> For the complete documentation index, see [llms.txt](https://docs.scorable.ai/llms.txt). Markdown versions of documentation pages are available by appending `.md` to page URLs; this page is available as [Markdown](https://docs.scorable.ai/concepts-and-examples/usage/projects.md).

# Projects

A **Project** is a workspace inside your organization. It groups related judges, evaluators, datasets, objectives, experiments, batch jobs, and execution logs under a single label so you can keep, for example, two different agents cleanly separated.

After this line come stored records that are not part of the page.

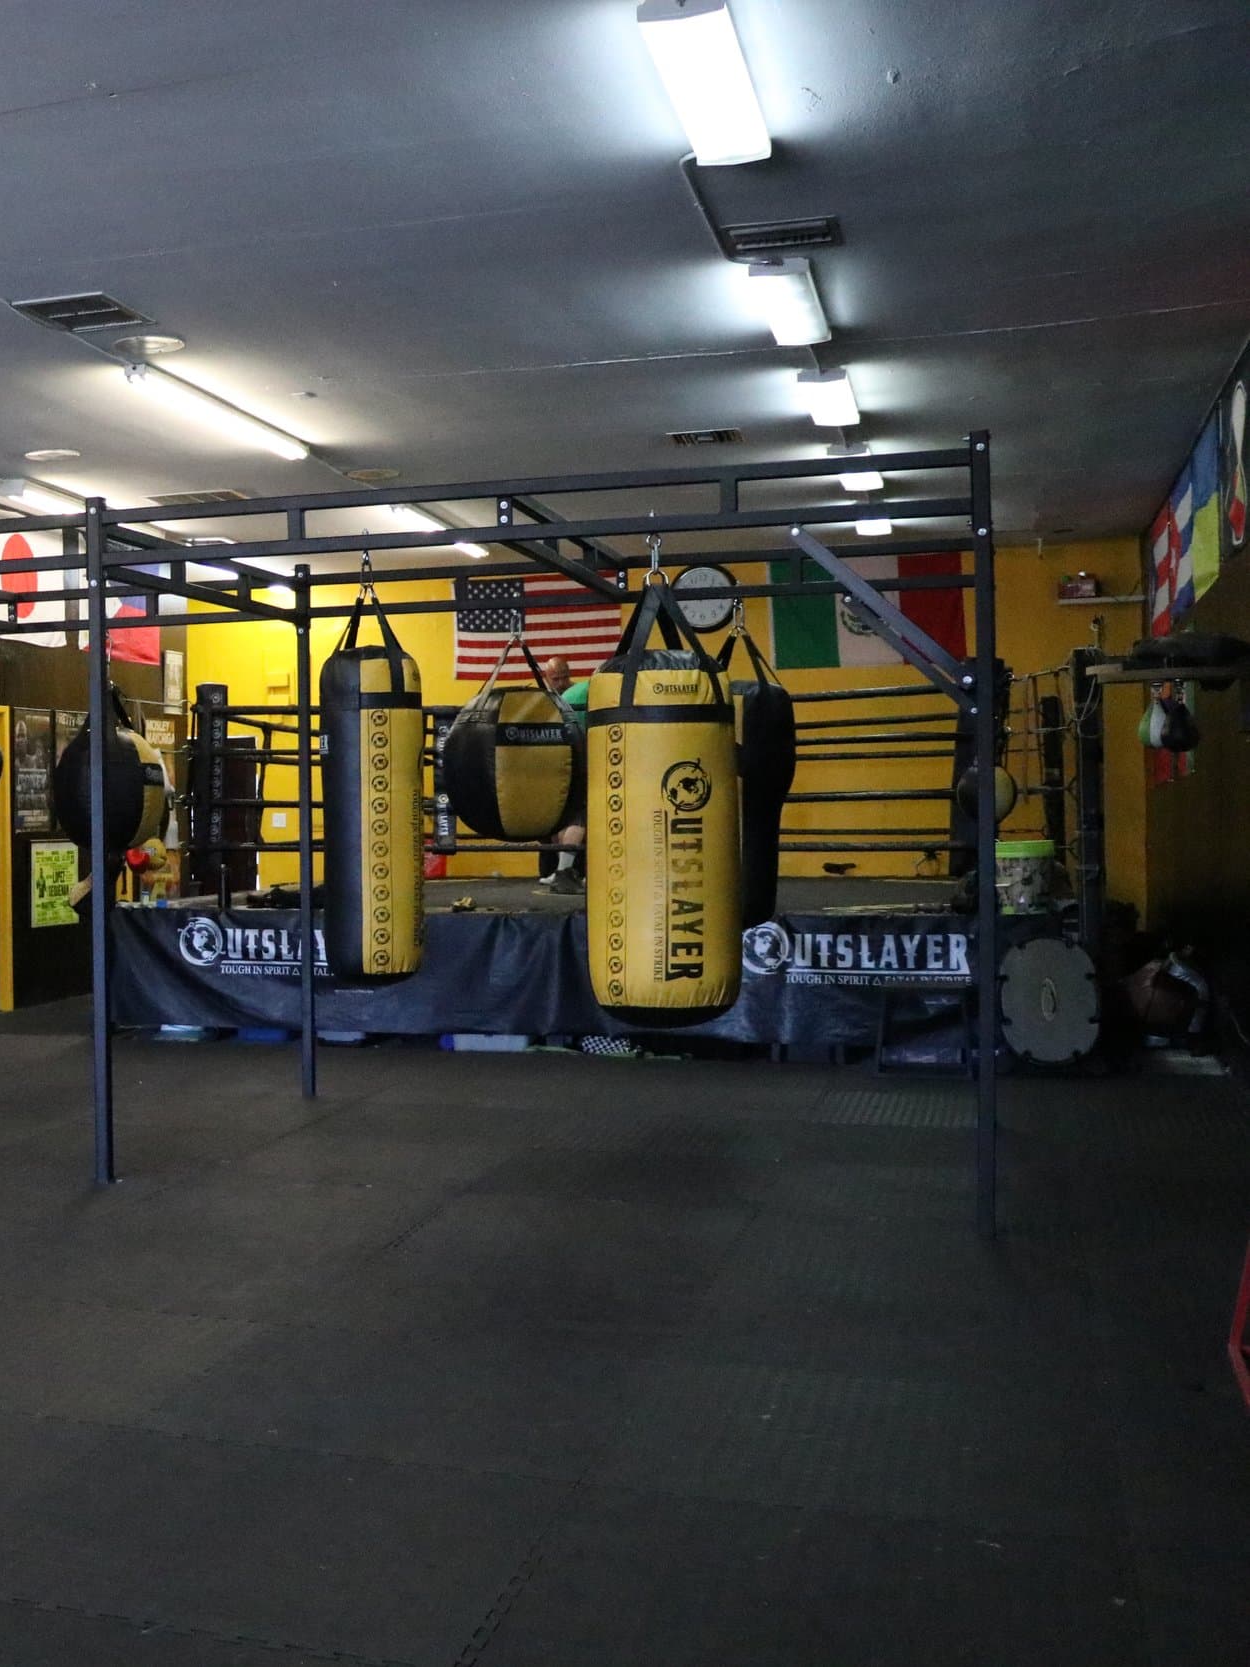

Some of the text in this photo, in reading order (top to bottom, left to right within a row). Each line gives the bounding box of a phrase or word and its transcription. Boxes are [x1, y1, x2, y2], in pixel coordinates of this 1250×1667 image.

[220, 964, 251, 975] TOUGH
[252, 965, 263, 975] IN
[264, 966, 290, 976] SPIRIT
[653, 948, 663, 983] STRIKE
[785, 973, 822, 984] TOUGH
[824, 974, 836, 985] IN
[838, 974, 870, 986] SPIRIT
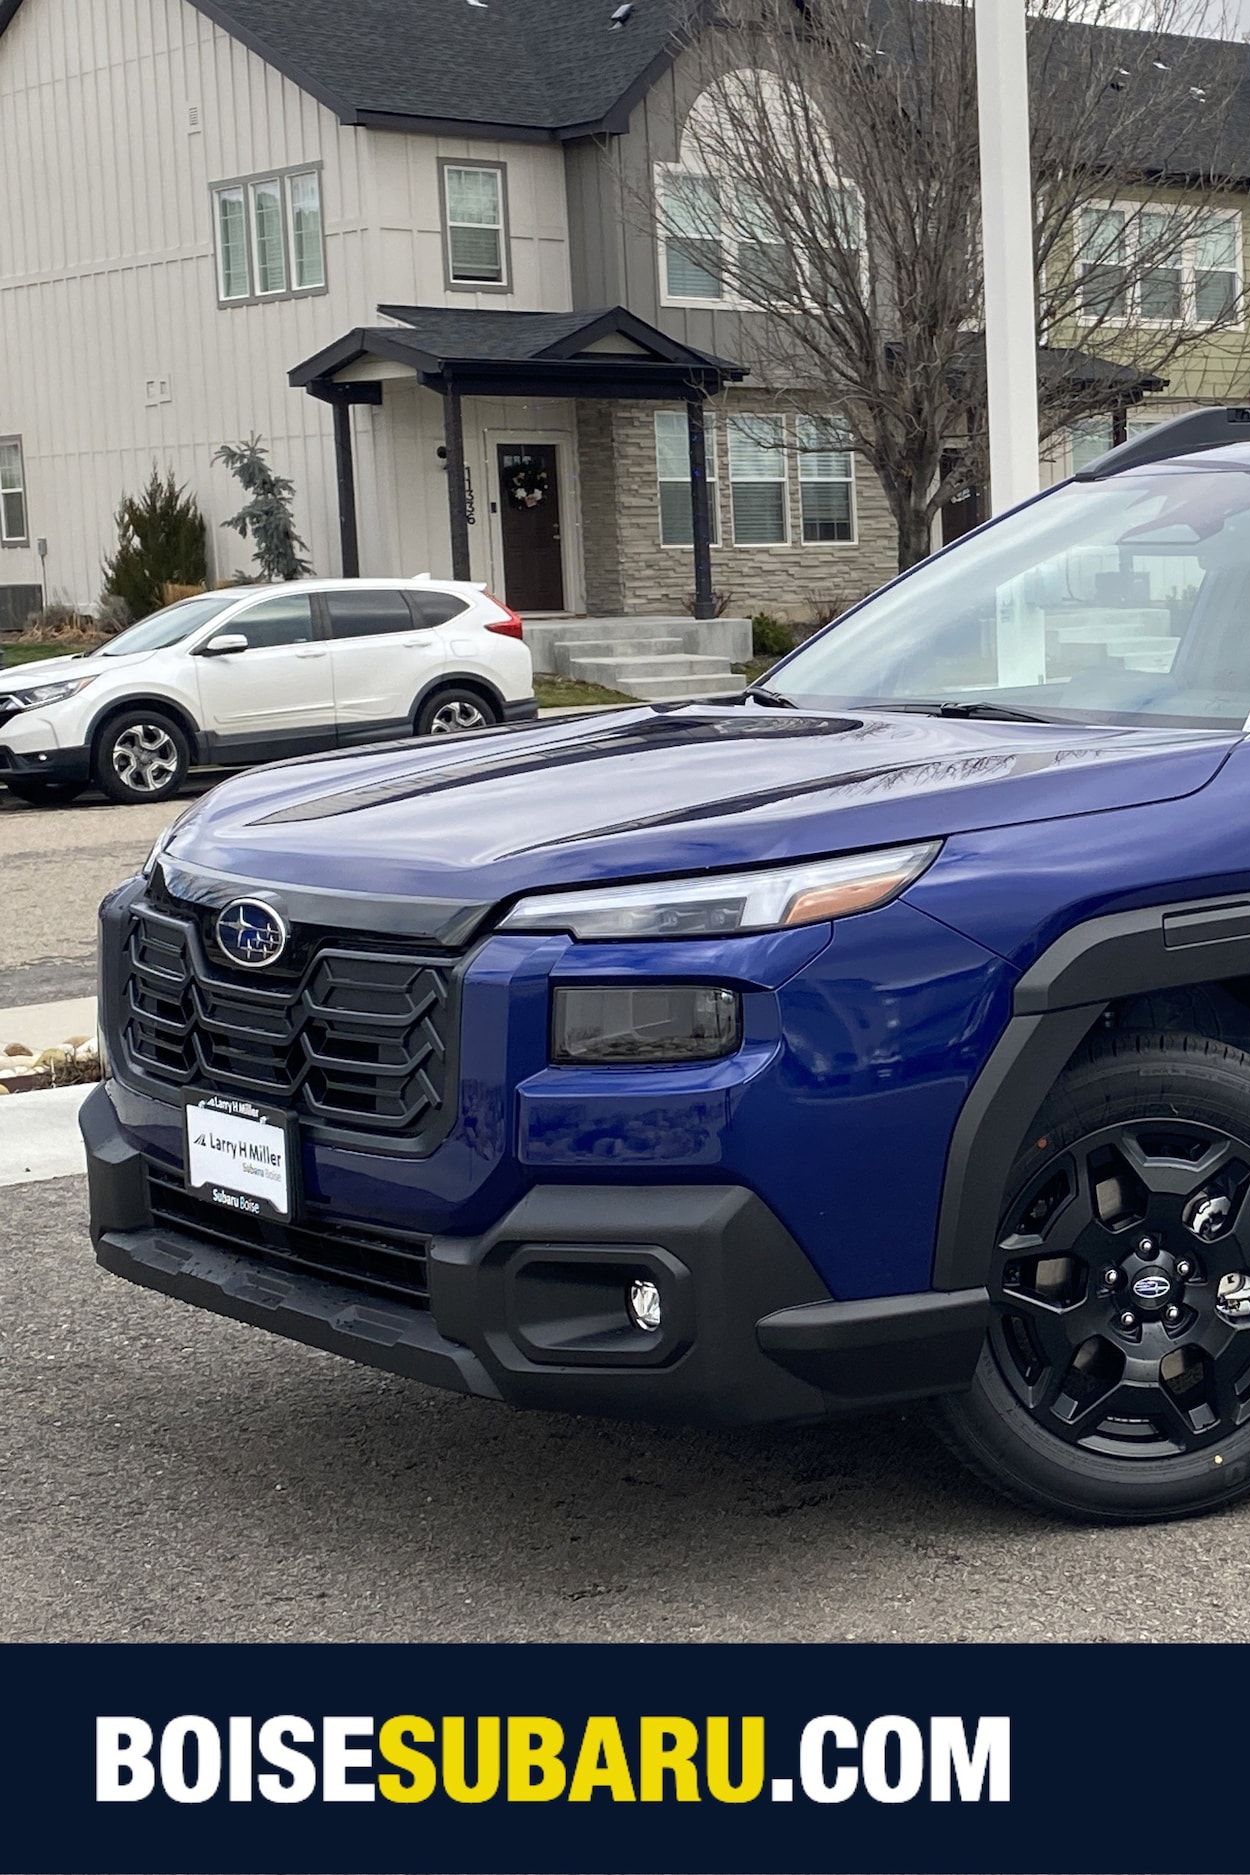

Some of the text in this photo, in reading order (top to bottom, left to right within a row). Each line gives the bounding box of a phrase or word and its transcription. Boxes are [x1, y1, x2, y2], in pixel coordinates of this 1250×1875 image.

[465, 466, 476, 525] 11336
[214, 1096, 260, 1118] Larry H Miller
[209, 1132, 282, 1167] Larry H Miller
[242, 1162, 265, 1178] Subaru
[212, 1188, 260, 1214] Subaru Boise
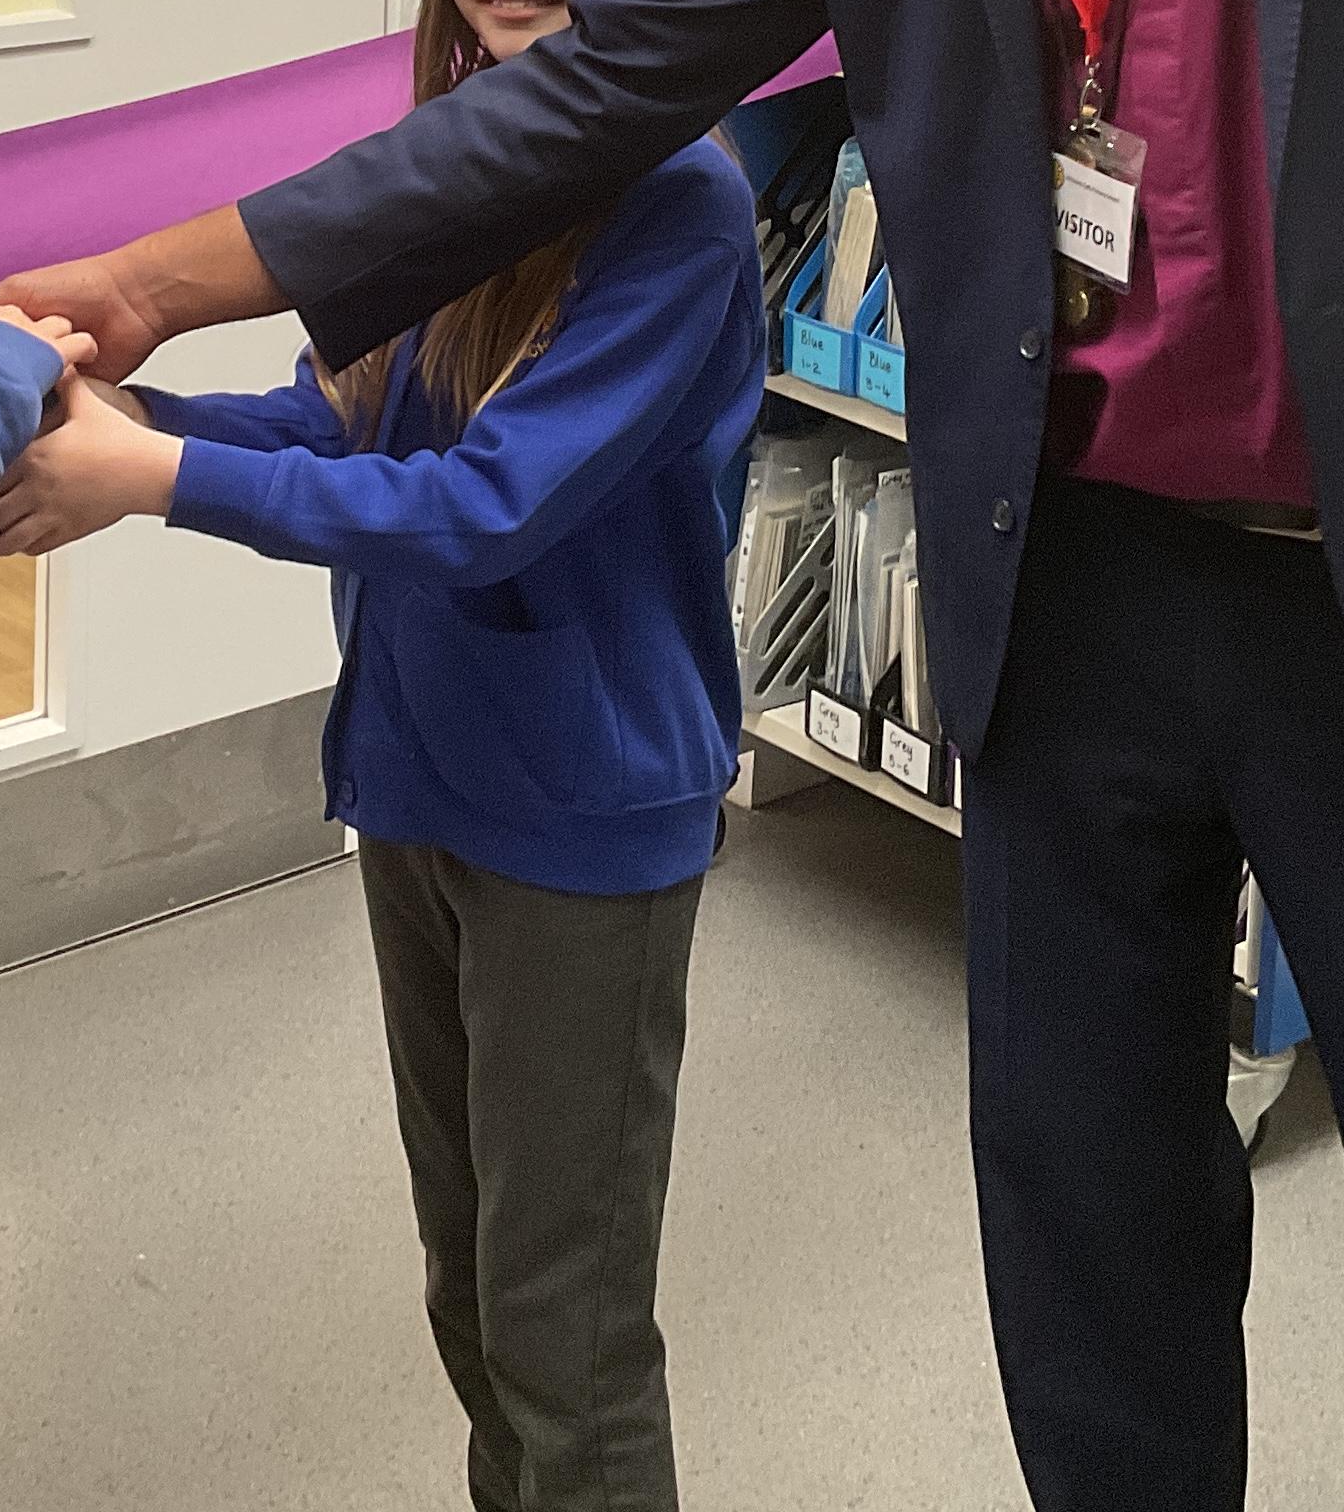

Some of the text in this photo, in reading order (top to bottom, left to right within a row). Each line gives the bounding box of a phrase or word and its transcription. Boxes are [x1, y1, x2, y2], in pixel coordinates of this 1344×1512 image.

[1054, 206, 1115, 253] VISITOR
[800, 328, 824, 351] Blue
[869, 351, 892, 373] Blue
[818, 701, 840, 729] Grey
[889, 731, 913, 762] Grey
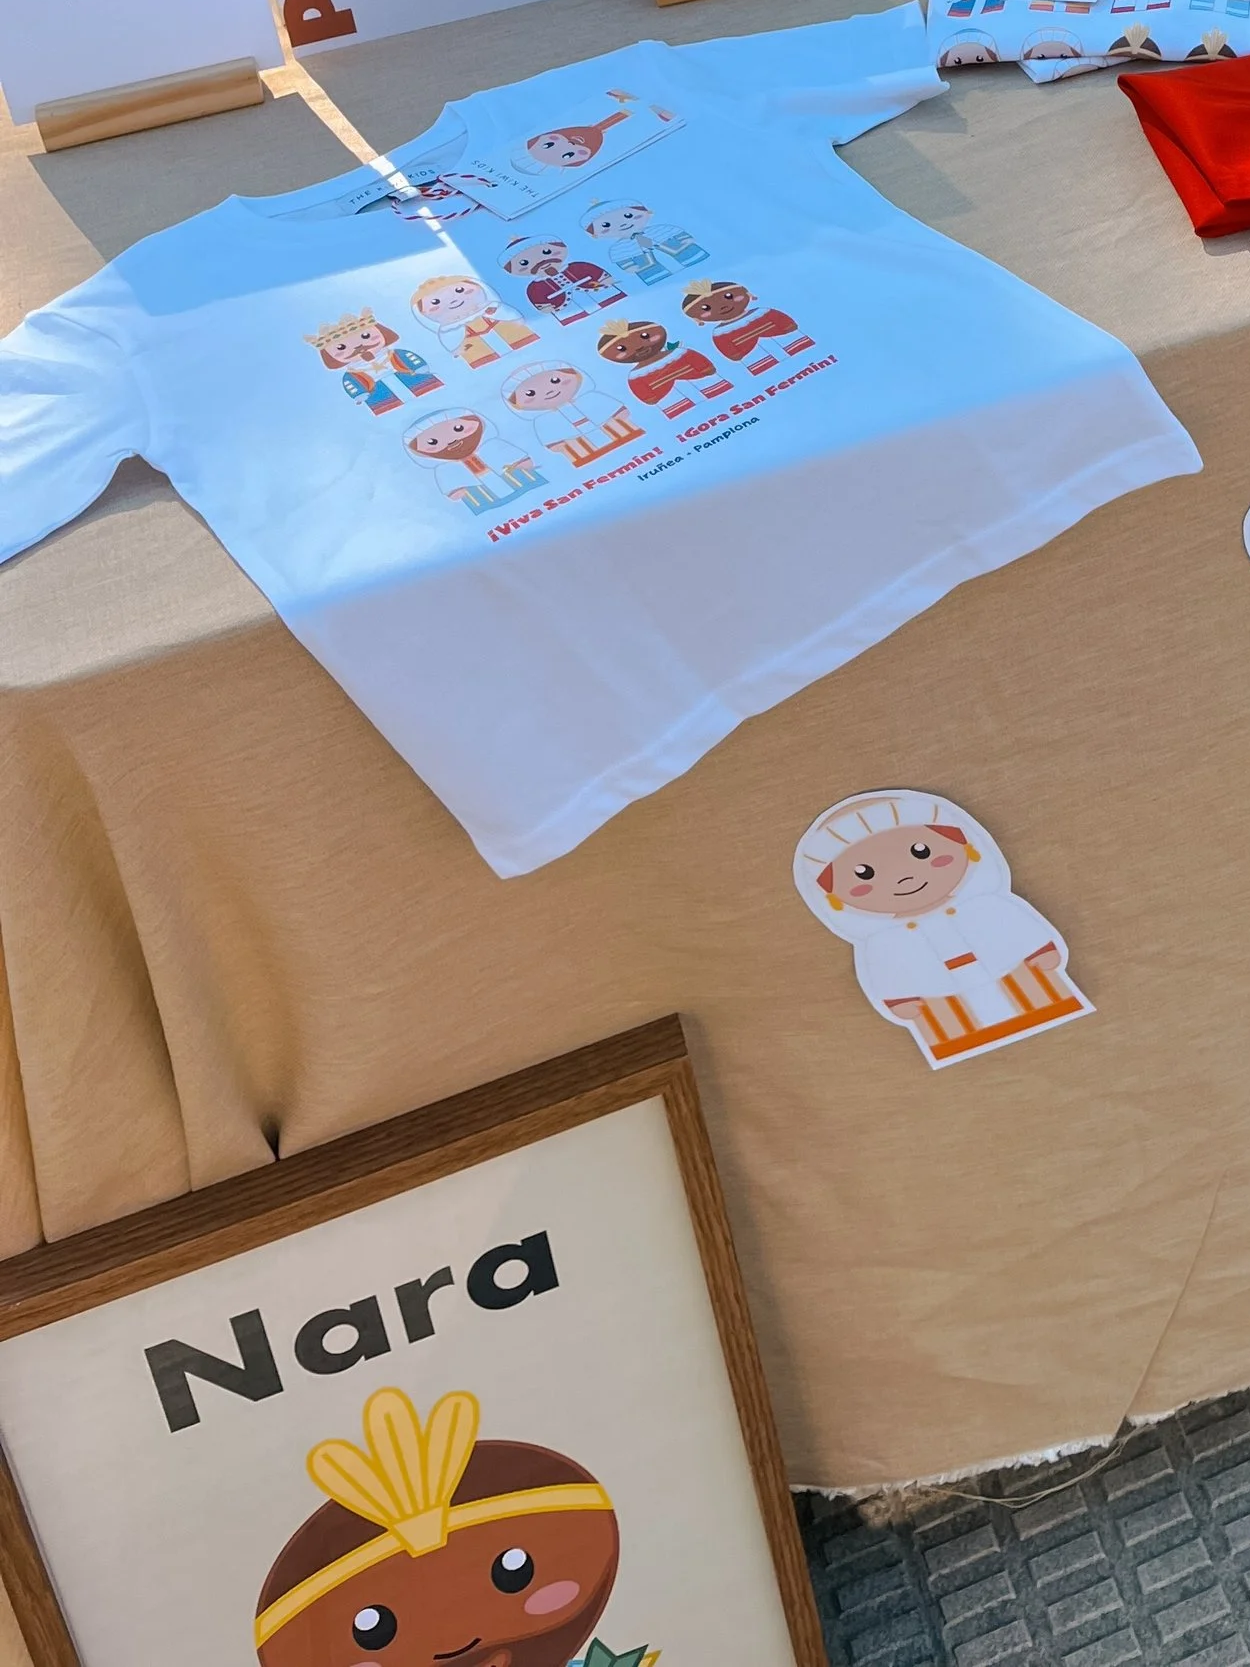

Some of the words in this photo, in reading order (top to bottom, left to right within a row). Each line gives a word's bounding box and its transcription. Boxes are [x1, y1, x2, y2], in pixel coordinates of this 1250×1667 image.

[349, 190, 371, 205] THE
[486, 506, 544, 543] ¡Viva
[543, 487, 584, 511] San
[676, 411, 729, 444] ¡Gora
[729, 392, 767, 417] San
[636, 454, 686, 482] Iruñea
[693, 416, 761, 454] Pamplona
[143, 1229, 560, 1434] Nara

Projects are a filter and a scoping concept, not an access boundary. Every user in the organization can see and switch between every project; what changes between projects is which resources show up.

## Default project

Every organization has exactly one default project, marked with a star in the project selector. It is created automatically the first time the organization needs one, and it cannot be deleted directly. To make a different project the default, open it in the selector and set it as default — the previous default is unset atomically.

Anything created without an explicit project (for example a judge generated from the CLI before you set a project, or an execution log produced by calling a public judge from another organization) is filed under your default project.

## Switching projects in the UI

The project selector lives at the top of the side menu. Picking a project updates the URL with a `projectId` query parameter and remembers your choice in browser local storage. When you visit again, you land in the same project. Links you share from the app carry the `projectId`, so a teammate clicking your link sees the same view.

If you open a link to a resource that belongs to a different project than the one you currently have selected, you'll see a banner telling you so. Switch projects from the selector to view it.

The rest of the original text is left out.